» **YOUR INSTRUCTIONS**:
Since pictures are not wanted in the copy, output only the rest of each record exactly.

» **SOURCE RECORDS**:
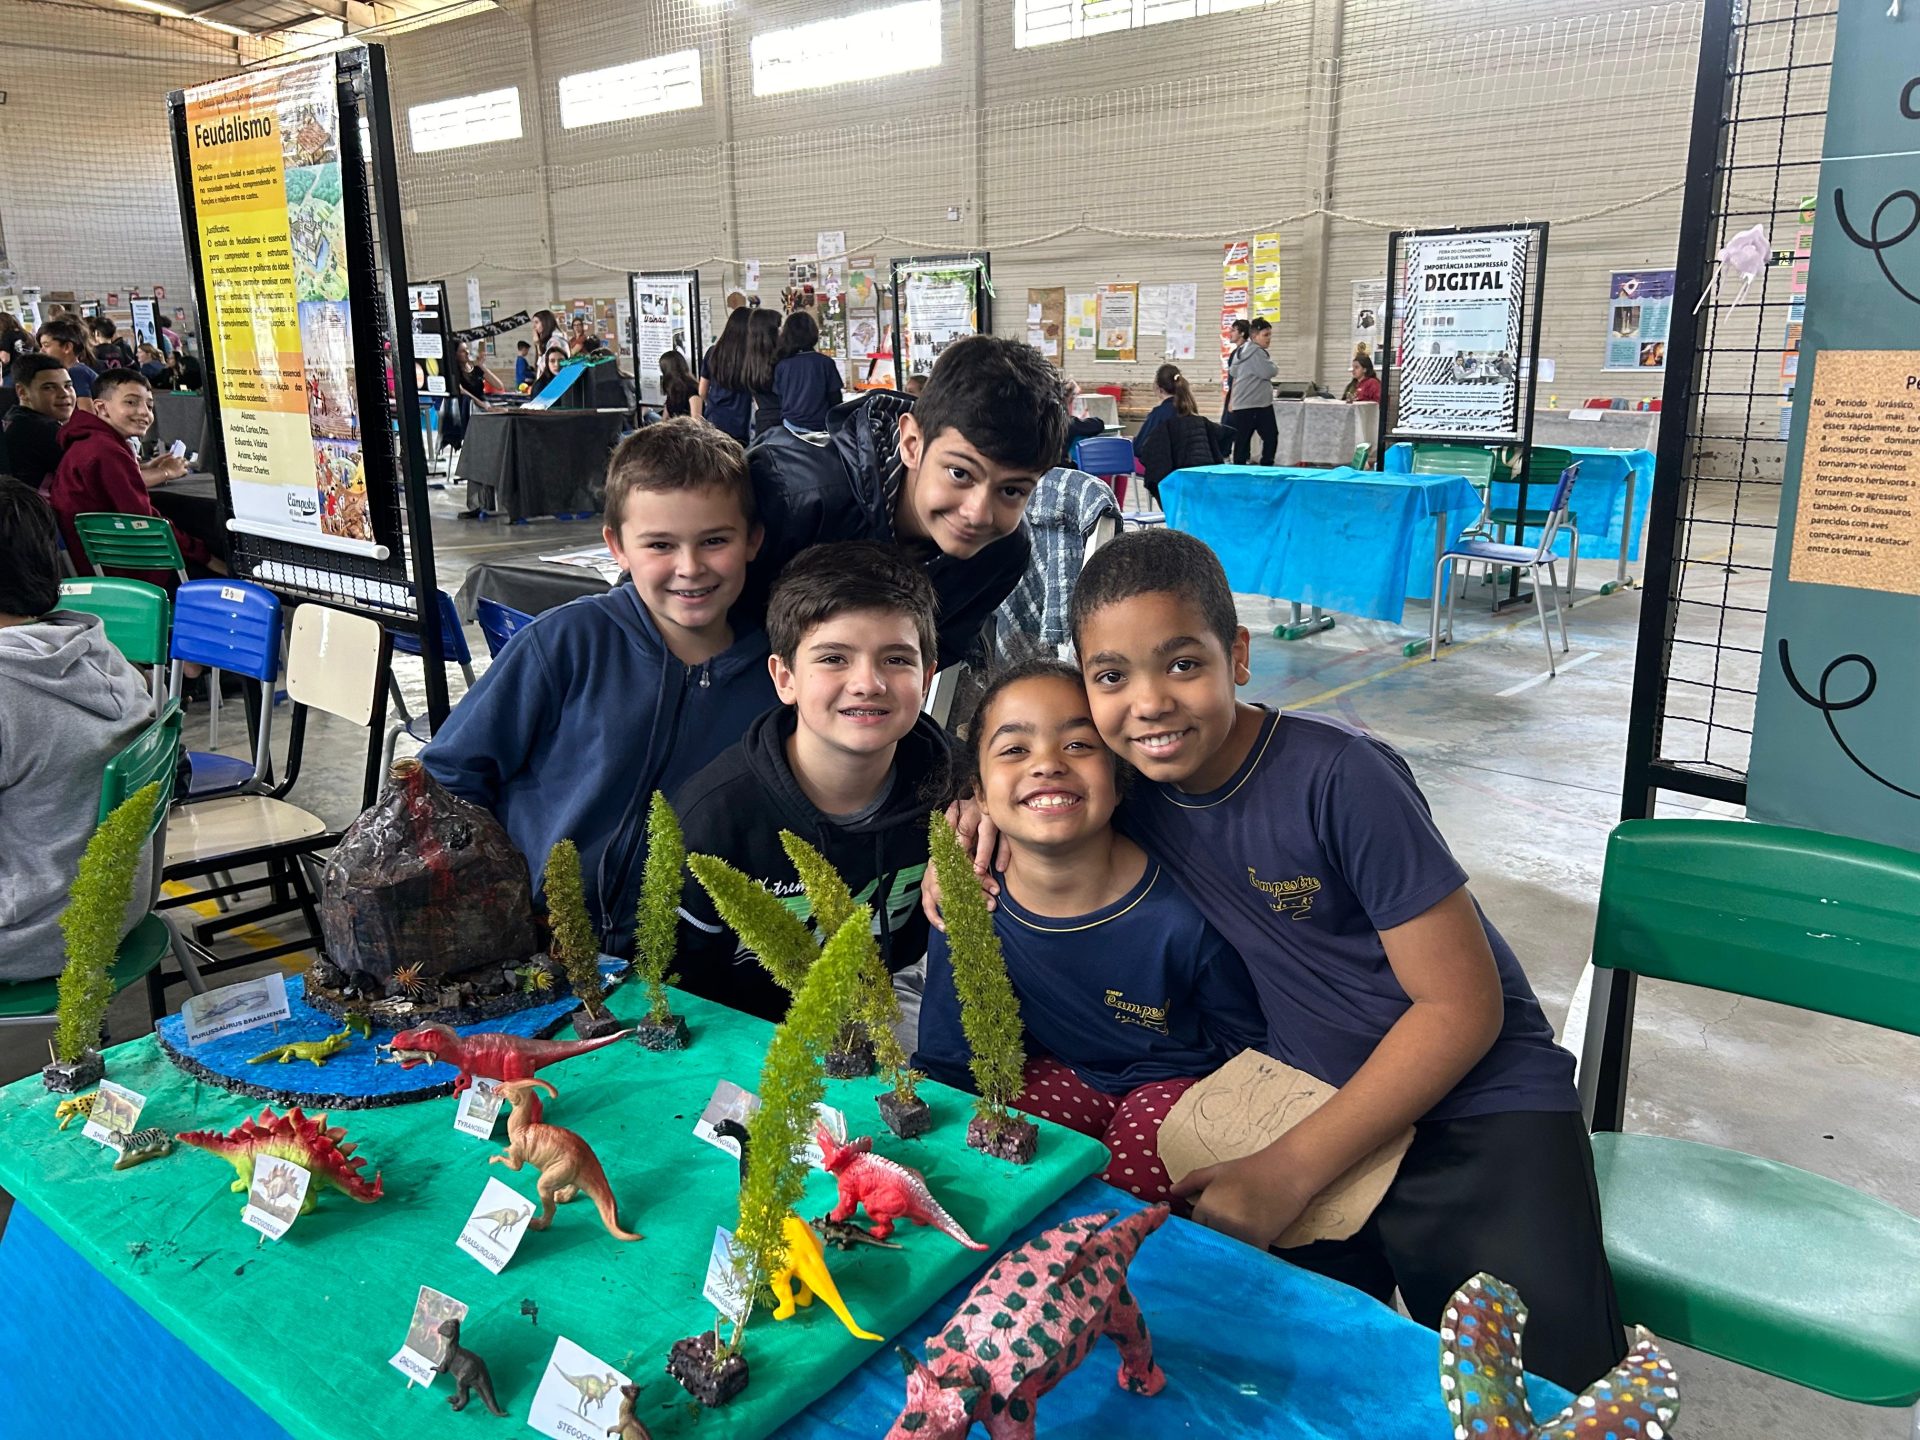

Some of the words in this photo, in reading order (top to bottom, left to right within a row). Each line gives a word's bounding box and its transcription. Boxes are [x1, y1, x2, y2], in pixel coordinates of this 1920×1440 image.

[194, 115, 271, 148] Feudalismo
[268, 233, 287, 242] essencial
[1474, 260, 1508, 268] IMPRESSÃO
[1425, 271, 1503, 291] DIGITAL
[1814, 399, 1826, 407] No
[1824, 411, 1872, 419] dinossauros
[1849, 423, 1903, 433] rapidamente,
[1820, 445, 1868, 454] dinossauros
[1818, 460, 1868, 469] tornaram-se
[1870, 463, 1906, 471] violentos
[1816, 474, 1853, 483] forçando
[1815, 488, 1864, 498] tornarem-se
[1866, 492, 1907, 502] agressivos
[1813, 502, 1848, 511] também.
[1851, 504, 1861, 512] Os
[1863, 506, 1911, 517] dinossauros
[1810, 517, 1850, 526] parecidos
[1870, 522, 1888, 530] aves
[1809, 531, 1856, 540] começaram
[1875, 537, 1910, 546] destacar
[1807, 545, 1829, 553] entre
[191, 1020, 243, 1041] PURUSSAURUS
[243, 1008, 287, 1025] BRASILIENSE

» **WRITTEN SOLUTION**:
Some of the words in this photo, in reading order (top to bottom, left to right within a row). Each line gives a word's bounding box and its transcription. Boxes are [x1, y1, x2, y2], in pixel coordinates of this 1920×1440 image.

[194, 115, 271, 148] Feudalismo
[268, 233, 287, 242] essencial
[1474, 260, 1508, 268] IMPRESSÃO
[1425, 271, 1503, 291] DIGITAL
[1814, 399, 1826, 407] No
[1824, 411, 1872, 419] dinossauros
[1849, 423, 1903, 433] rapidamente,
[1820, 445, 1868, 454] dinossauros
[1818, 460, 1868, 469] tornaram-se
[1870, 463, 1906, 471] violentos
[1816, 474, 1853, 483] forçando
[1815, 488, 1864, 498] tornarem-se
[1866, 492, 1907, 502] agressivos
[1813, 502, 1848, 511] também.
[1851, 504, 1861, 512] Os
[1863, 506, 1911, 517] dinossauros
[1810, 517, 1850, 526] parecidos
[1870, 522, 1888, 530] aves
[1809, 531, 1856, 540] começaram
[1875, 537, 1910, 546] destacar
[1807, 545, 1829, 553] entre
[191, 1020, 243, 1041] PURUSSAURUS
[243, 1008, 287, 1025] BRASILIENSE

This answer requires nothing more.